Any picture among the records should be left out, please; retype the rest exactly.
◇ ◇ ◇ ◇ ◇
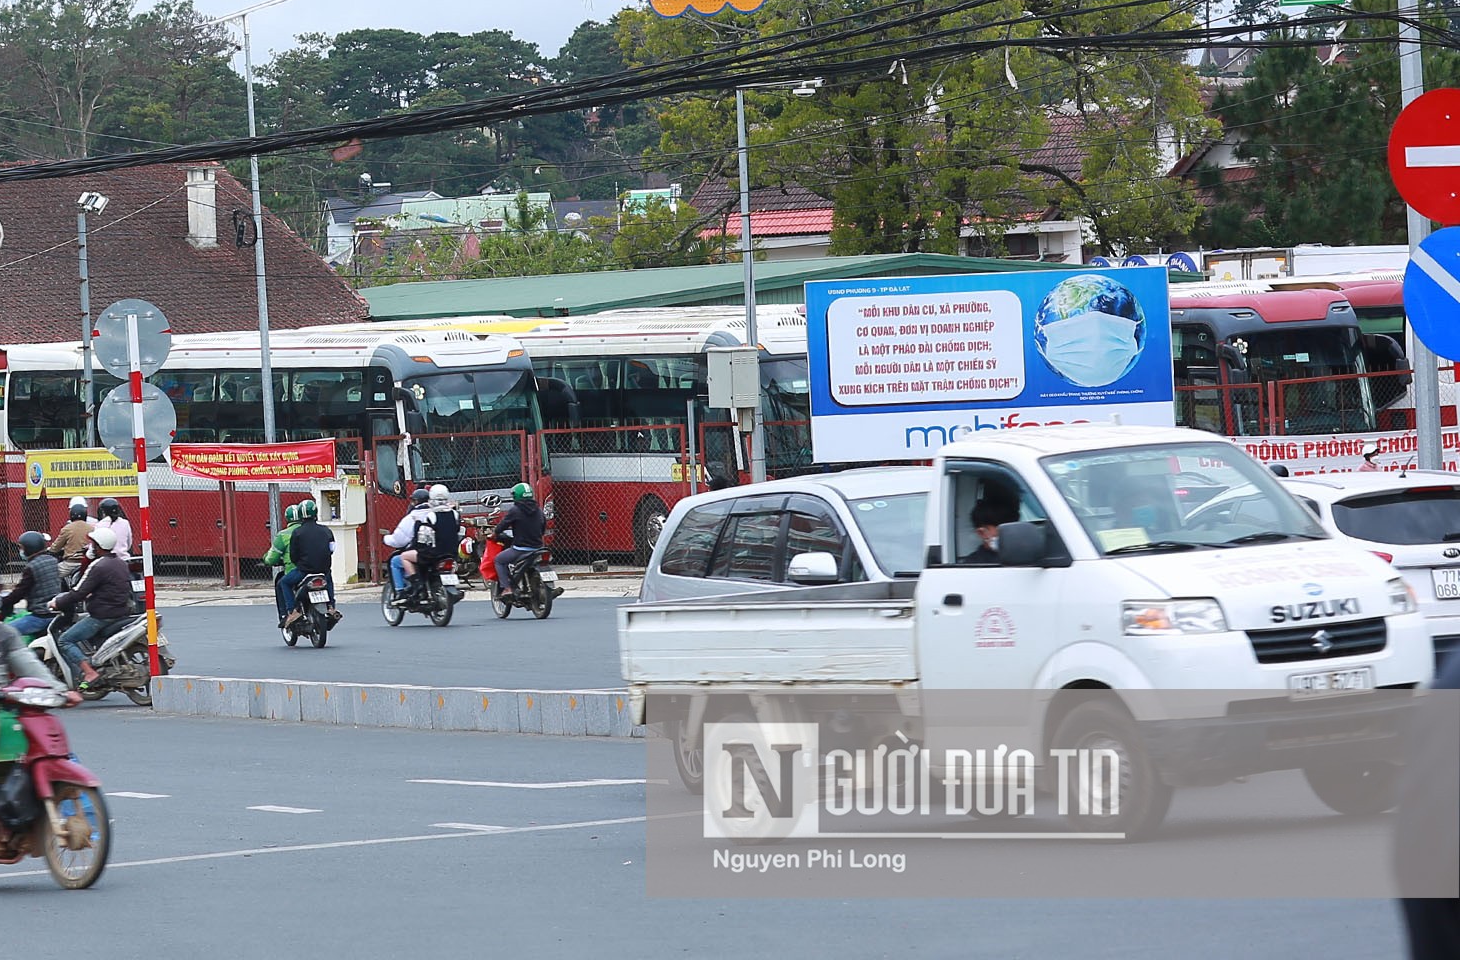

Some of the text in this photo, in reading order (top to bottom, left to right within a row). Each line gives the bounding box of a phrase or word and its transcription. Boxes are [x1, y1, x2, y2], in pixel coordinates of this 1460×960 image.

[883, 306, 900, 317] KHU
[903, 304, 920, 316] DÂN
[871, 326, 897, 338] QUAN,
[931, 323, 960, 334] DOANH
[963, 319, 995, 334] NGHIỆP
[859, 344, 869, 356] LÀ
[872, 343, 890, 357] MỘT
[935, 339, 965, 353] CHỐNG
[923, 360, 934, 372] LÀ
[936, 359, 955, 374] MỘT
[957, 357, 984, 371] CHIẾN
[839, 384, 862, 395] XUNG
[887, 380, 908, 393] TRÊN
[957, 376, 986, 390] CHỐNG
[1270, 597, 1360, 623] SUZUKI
◇ ◇ ◇ ◇ ◇
**REPLY TO THE EXERCISE**
Some of the text in this photo, in reading order (top to bottom, left to right within a row). Each line gives the bounding box of a phrase or word and its transcription. Boxes are [x1, y1, x2, y2], in pixel coordinates of this 1460×960 image.

[883, 306, 900, 317] KHU
[903, 304, 920, 316] DÂN
[871, 326, 897, 338] QUAN,
[931, 323, 960, 334] DOANH
[963, 319, 995, 334] NGHIỆP
[859, 344, 869, 356] LÀ
[872, 343, 890, 357] MỘT
[935, 339, 965, 353] CHỐNG
[923, 360, 934, 372] LÀ
[936, 359, 955, 374] MỘT
[957, 357, 984, 371] CHIẾN
[839, 384, 862, 395] XUNG
[887, 380, 908, 393] TRÊN
[957, 376, 986, 390] CHỐNG
[1270, 597, 1360, 623] SUZUKI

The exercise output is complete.